Required work |
Below are the records to retype. Keep every character exactly and leave out the pictures.

Data provided |
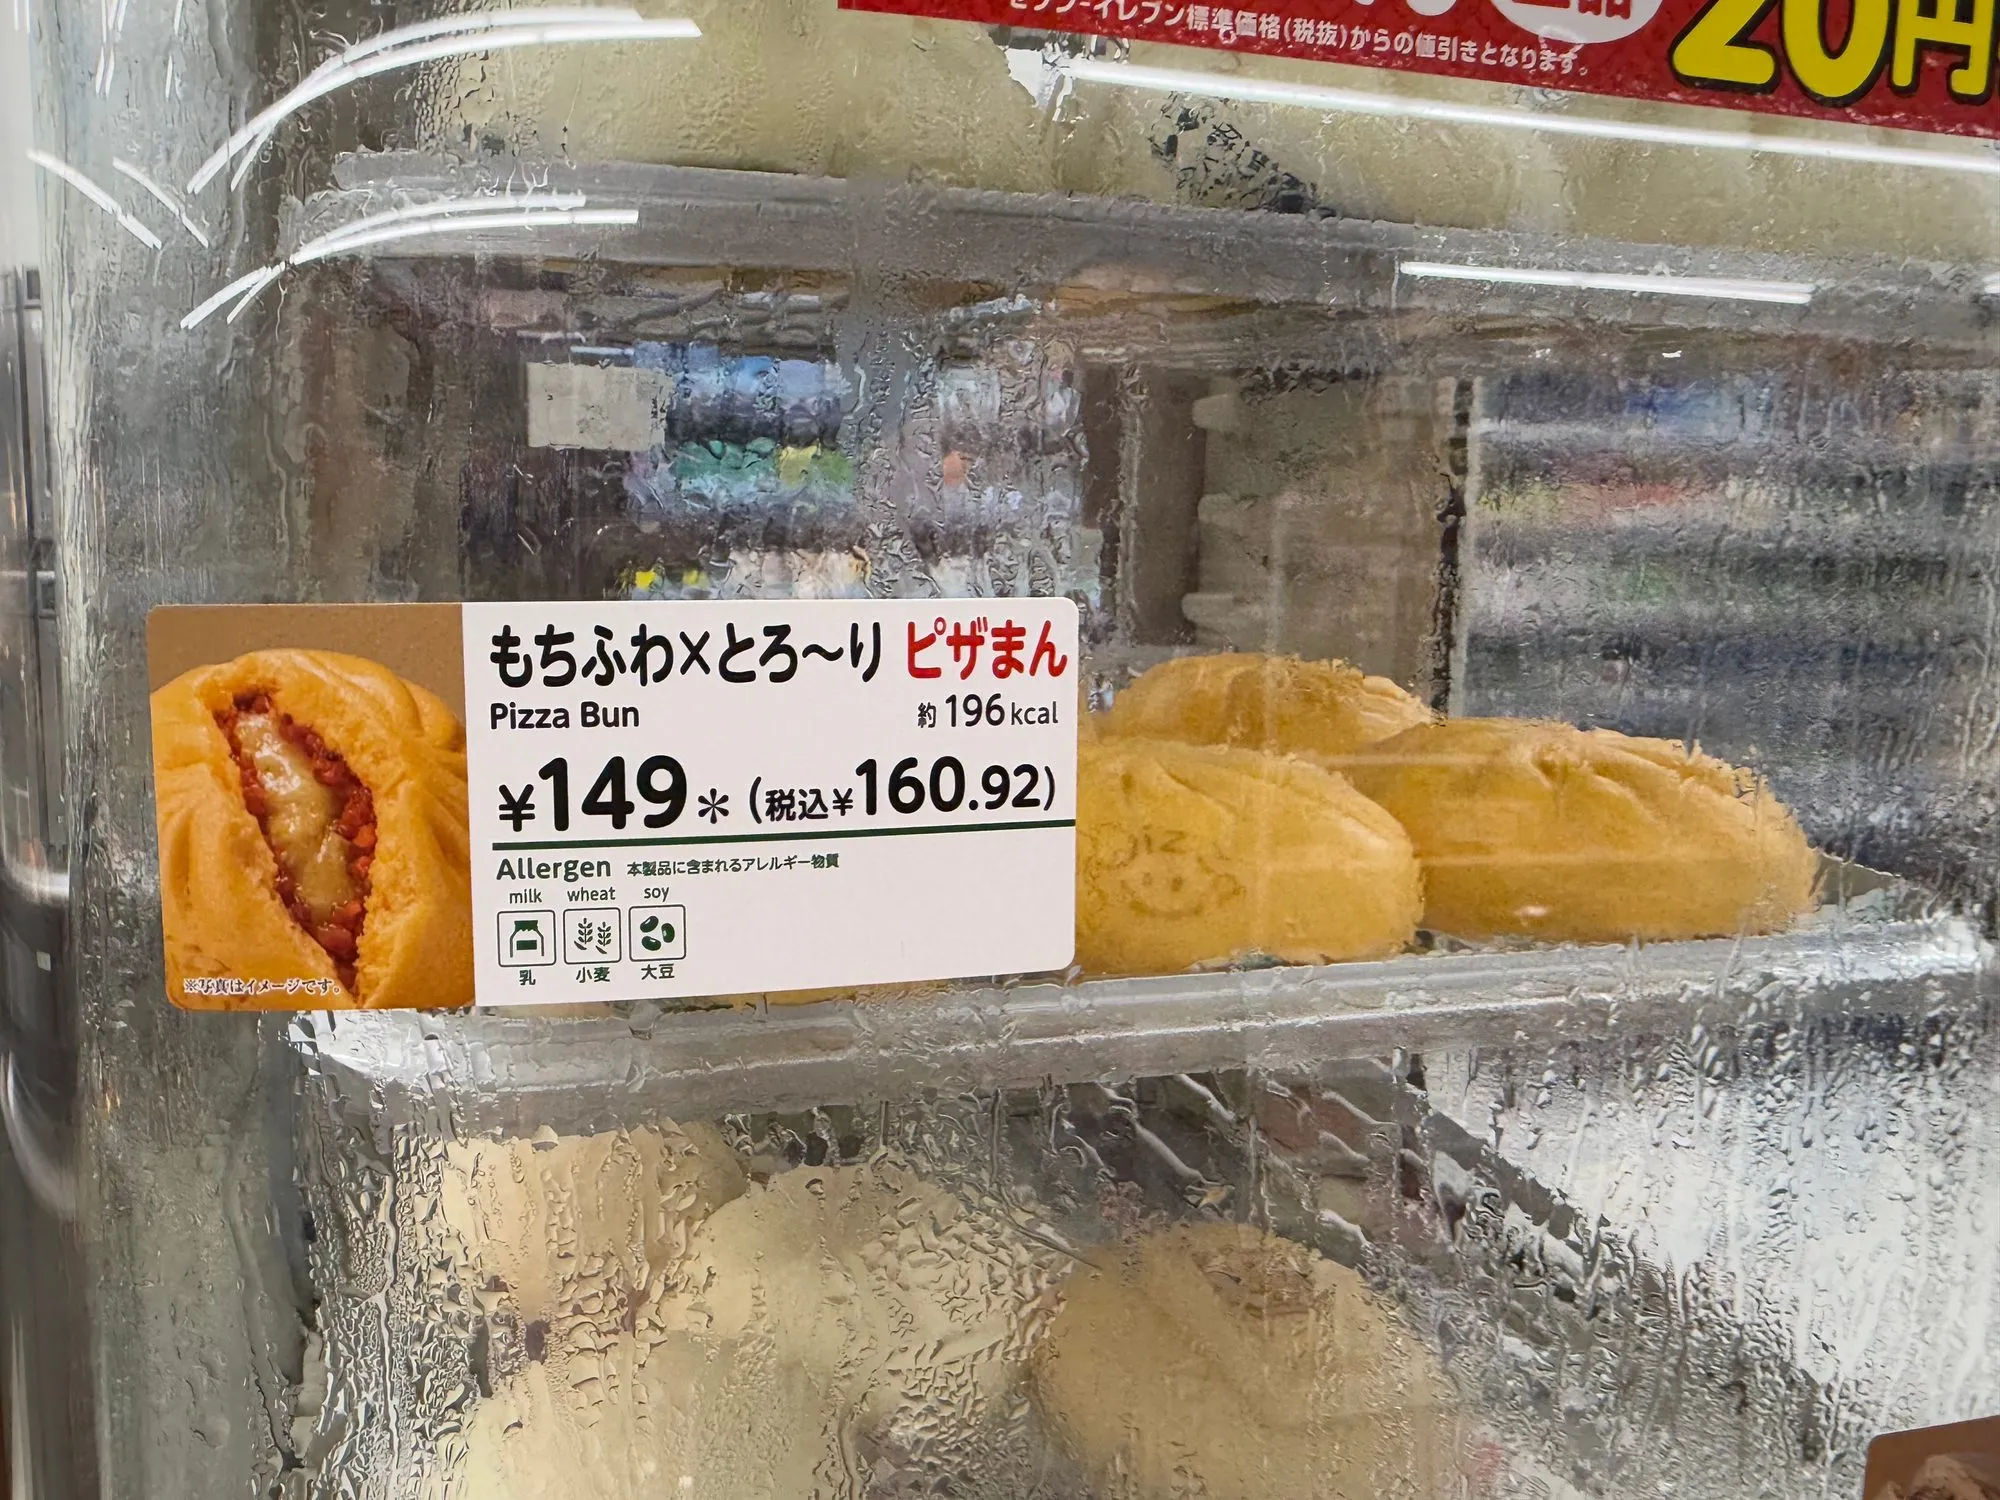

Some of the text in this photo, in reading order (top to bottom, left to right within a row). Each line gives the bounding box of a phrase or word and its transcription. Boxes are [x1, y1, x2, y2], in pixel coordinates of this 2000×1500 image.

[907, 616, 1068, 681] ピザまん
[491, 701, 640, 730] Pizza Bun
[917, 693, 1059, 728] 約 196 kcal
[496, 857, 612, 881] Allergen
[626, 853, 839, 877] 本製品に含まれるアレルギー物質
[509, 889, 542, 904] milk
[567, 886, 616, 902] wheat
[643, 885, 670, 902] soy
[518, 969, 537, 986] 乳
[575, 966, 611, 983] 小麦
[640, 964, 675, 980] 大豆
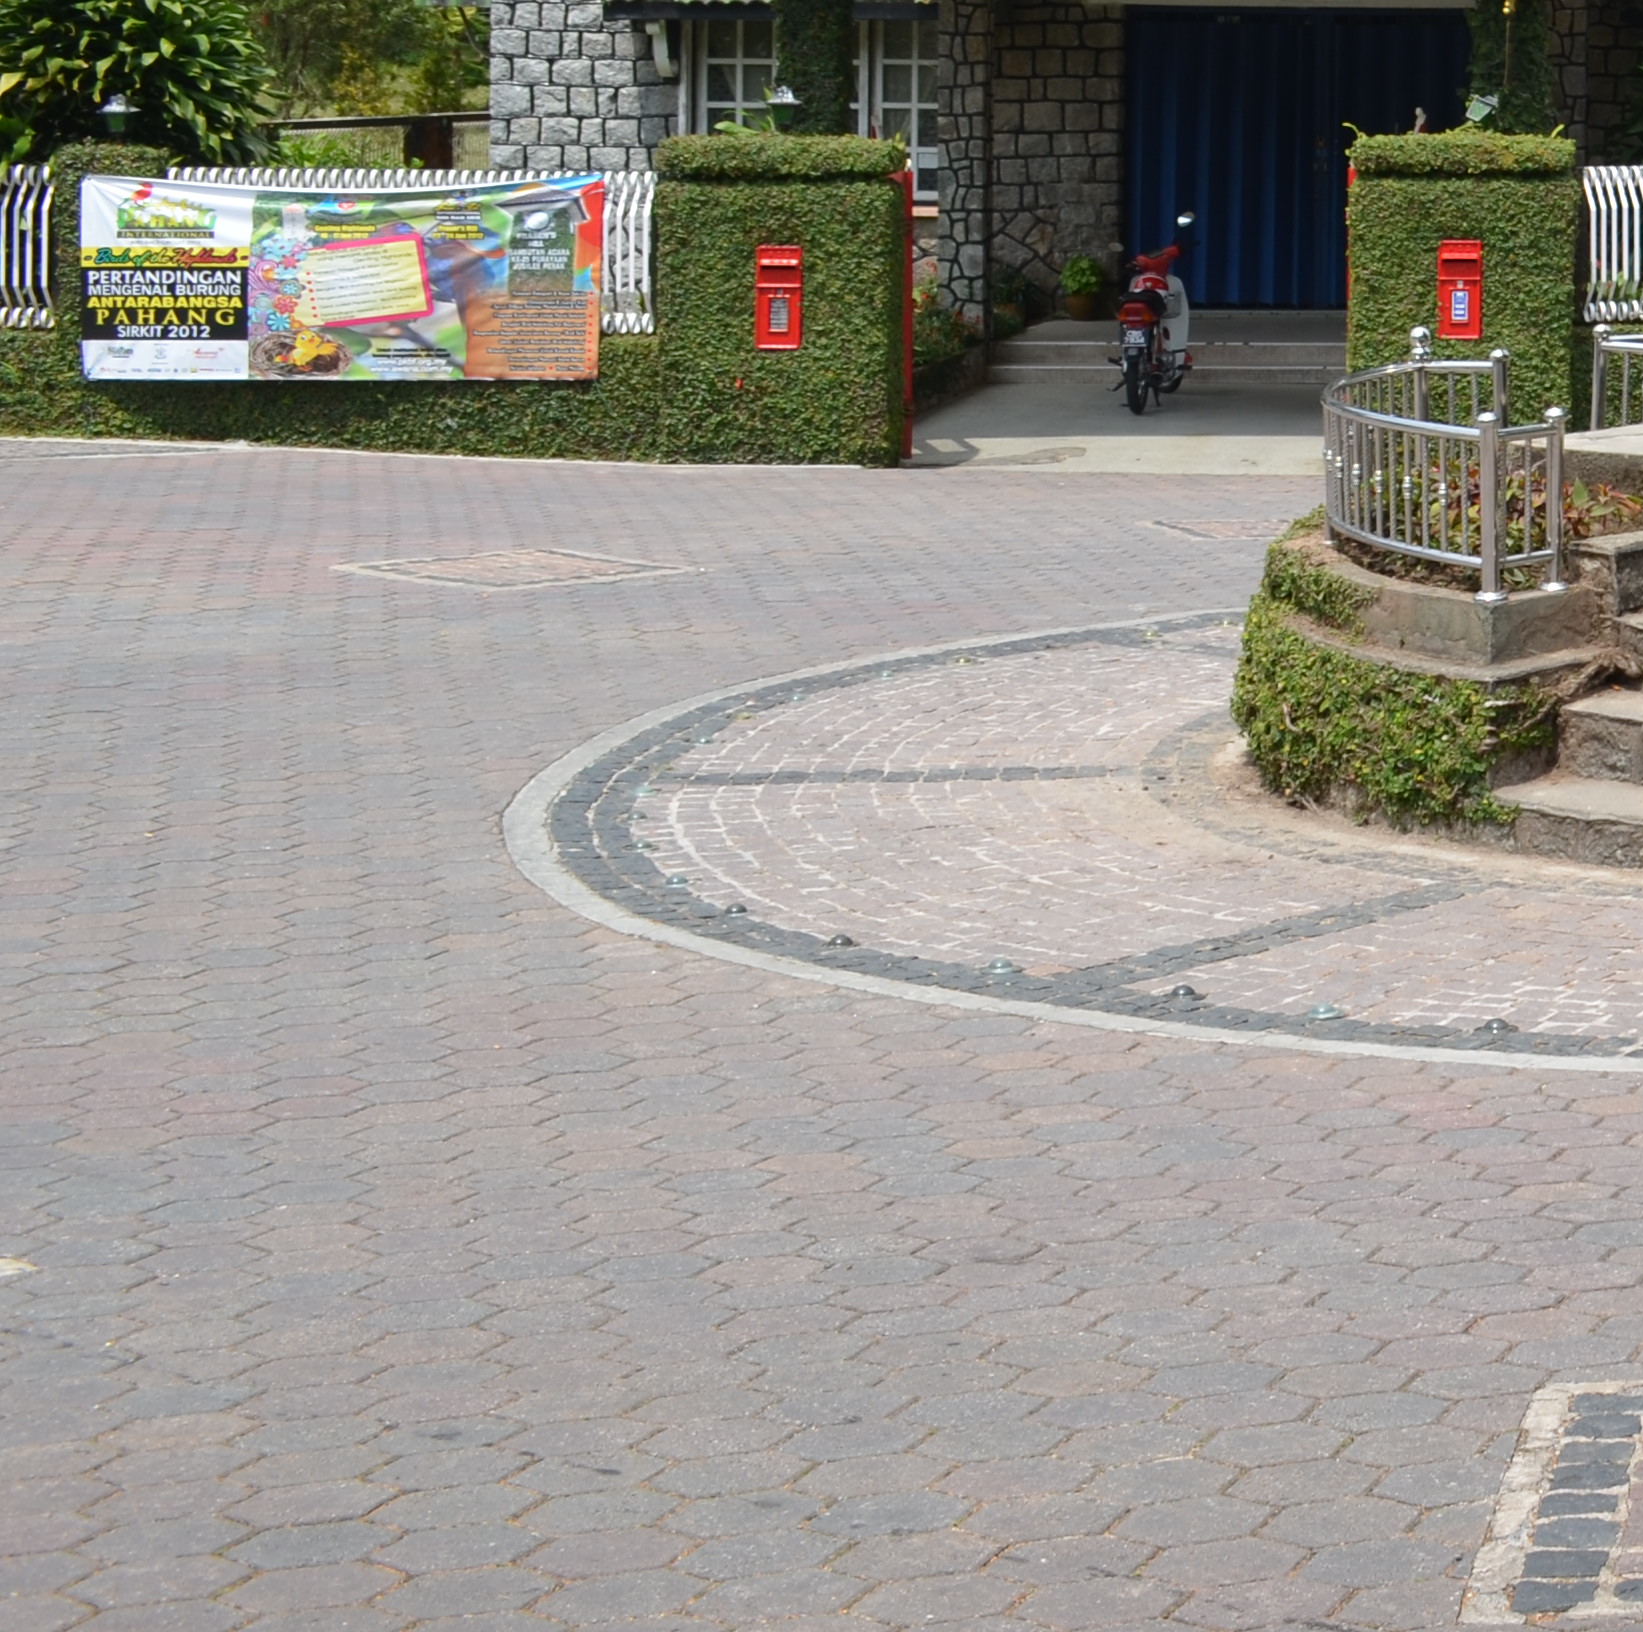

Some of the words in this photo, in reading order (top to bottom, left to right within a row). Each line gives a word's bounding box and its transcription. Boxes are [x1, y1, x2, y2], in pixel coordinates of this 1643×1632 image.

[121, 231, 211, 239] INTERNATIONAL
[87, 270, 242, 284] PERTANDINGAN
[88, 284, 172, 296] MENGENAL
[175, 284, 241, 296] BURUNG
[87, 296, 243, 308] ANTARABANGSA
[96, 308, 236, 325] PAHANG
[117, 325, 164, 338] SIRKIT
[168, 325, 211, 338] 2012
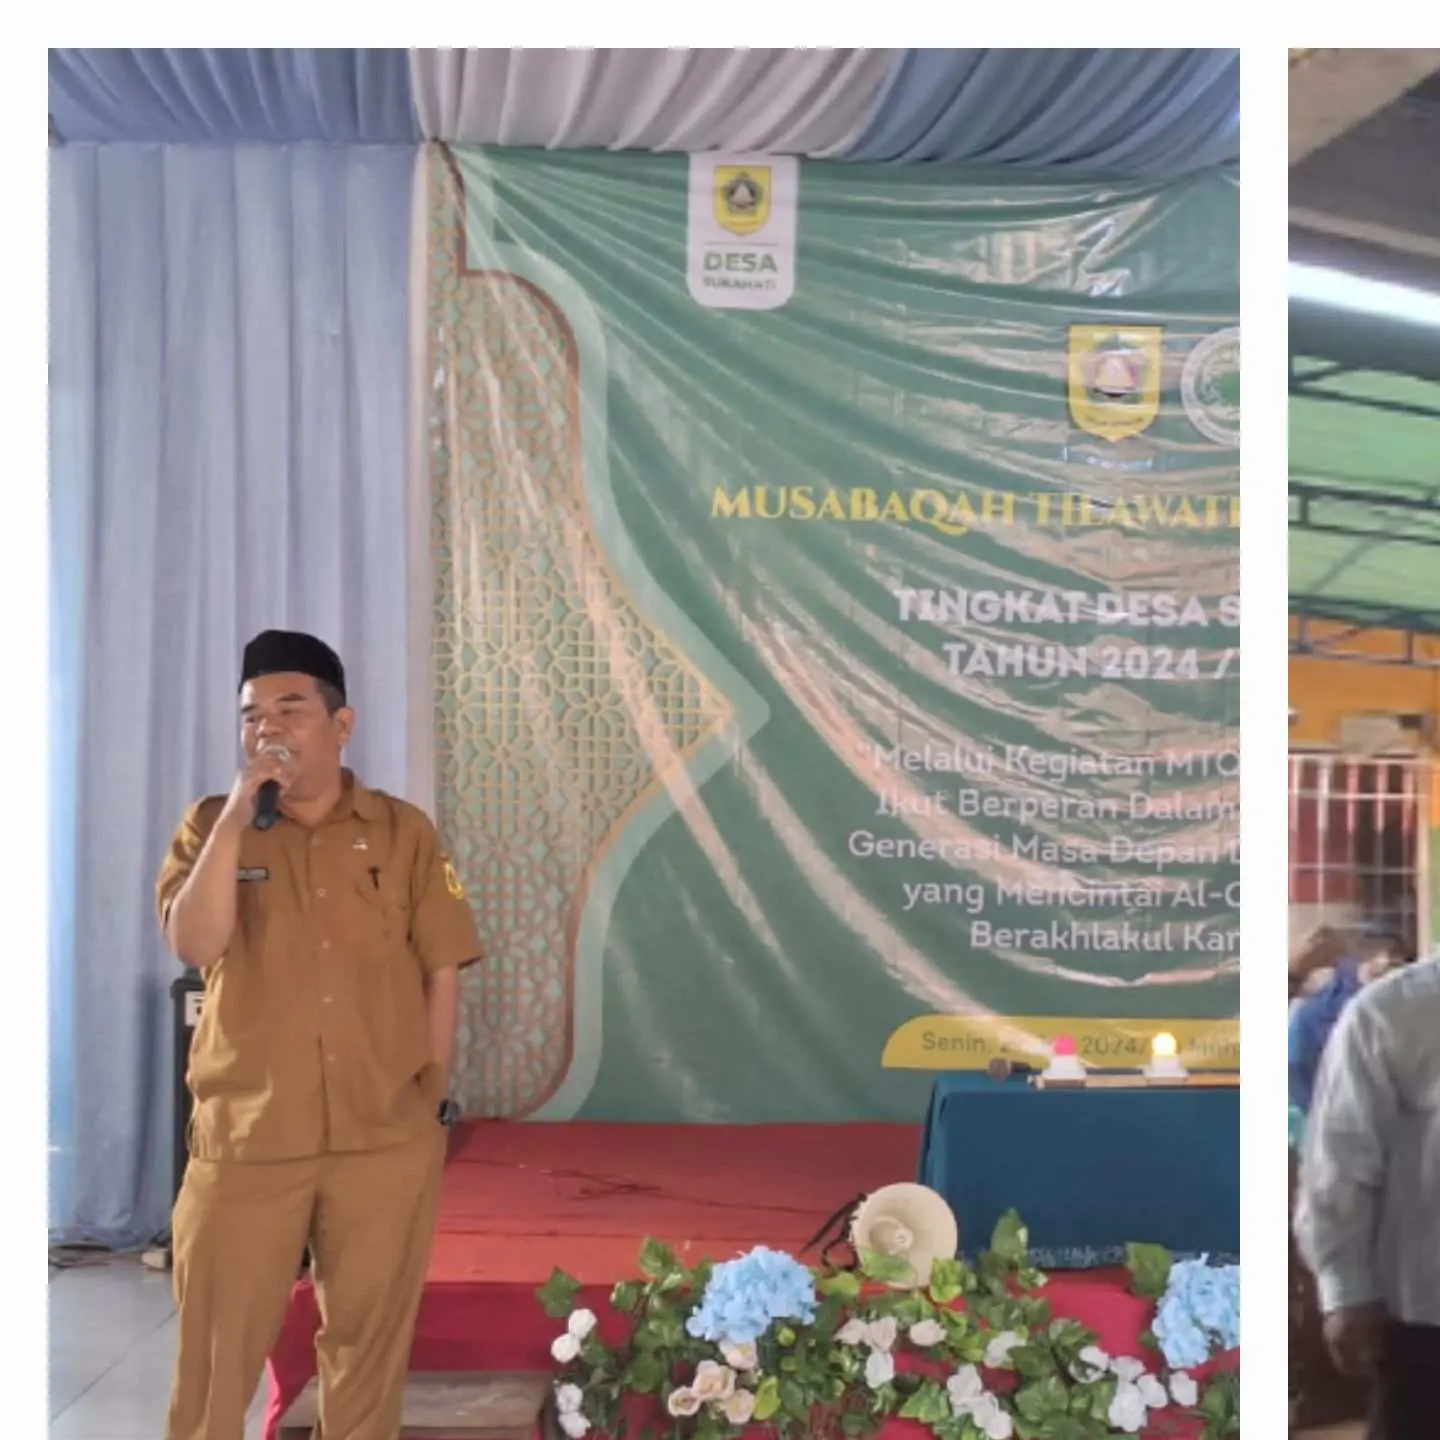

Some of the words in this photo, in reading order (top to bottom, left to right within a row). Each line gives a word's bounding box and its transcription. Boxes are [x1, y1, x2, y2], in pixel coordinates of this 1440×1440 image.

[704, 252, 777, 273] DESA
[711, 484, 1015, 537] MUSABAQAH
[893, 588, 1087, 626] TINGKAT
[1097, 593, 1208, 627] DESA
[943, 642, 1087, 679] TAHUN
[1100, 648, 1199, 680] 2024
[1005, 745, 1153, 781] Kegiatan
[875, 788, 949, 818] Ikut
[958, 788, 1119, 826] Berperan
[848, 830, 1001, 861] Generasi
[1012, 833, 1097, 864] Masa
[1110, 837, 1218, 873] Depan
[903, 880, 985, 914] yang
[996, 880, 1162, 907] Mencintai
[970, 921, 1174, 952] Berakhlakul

Exercise result |
Some of the text in this photo, in reading order (top to bottom, left to right within a row). Each line gives the bounding box of a phrase or word and its transcription. Boxes are [x1, y1, x2, y2], in pixel coordinates of this 2000×1500 image.

[907, 616, 1068, 681] ピザまん
[491, 701, 640, 730] Pizza Bun
[917, 693, 1059, 728] 約 196 kcal
[496, 857, 612, 881] Allergen
[626, 853, 839, 877] 本製品に含まれるアレルギー物質
[509, 889, 542, 904] milk
[567, 886, 616, 902] wheat
[643, 885, 670, 902] soy
[518, 969, 537, 986] 乳
[575, 966, 611, 983] 小麦
[640, 964, 675, 980] 大豆

Some of the words in this photo, in reading order (top to bottom, left to right within a row). Each line gives a word's bounding box and its transcription. Boxes are [x1, y1, x2, y2], in pixel coordinates of this 1643×1632 image.

[121, 231, 211, 239] INTERNATIONAL
[87, 270, 242, 284] PERTANDINGAN
[88, 284, 172, 296] MENGENAL
[175, 284, 241, 296] BURUNG
[87, 296, 243, 308] ANTARABANGSA
[96, 308, 236, 325] PAHANG
[117, 325, 164, 338] SIRKIT
[168, 325, 211, 338] 2012

Some of the words in this photo, in reading order (top to bottom, left to right within a row). Each line gives a word's bounding box and its transcription. Boxes are [x1, y1, x2, y2], in pixel coordinates of this 1440×1440 image.

[704, 252, 777, 273] DESA
[711, 484, 1015, 537] MUSABAQAH
[893, 588, 1087, 626] TINGKAT
[1097, 593, 1208, 627] DESA
[943, 642, 1087, 679] TAHUN
[1100, 648, 1199, 680] 2024
[1005, 745, 1153, 781] Kegiatan
[875, 788, 949, 818] Ikut
[958, 788, 1119, 826] Berperan
[848, 830, 1001, 861] Generasi
[1012, 833, 1097, 864] Masa
[1110, 837, 1218, 873] Depan
[903, 880, 985, 914] yang
[996, 880, 1162, 907] Mencintai
[970, 921, 1174, 952] Berakhlakul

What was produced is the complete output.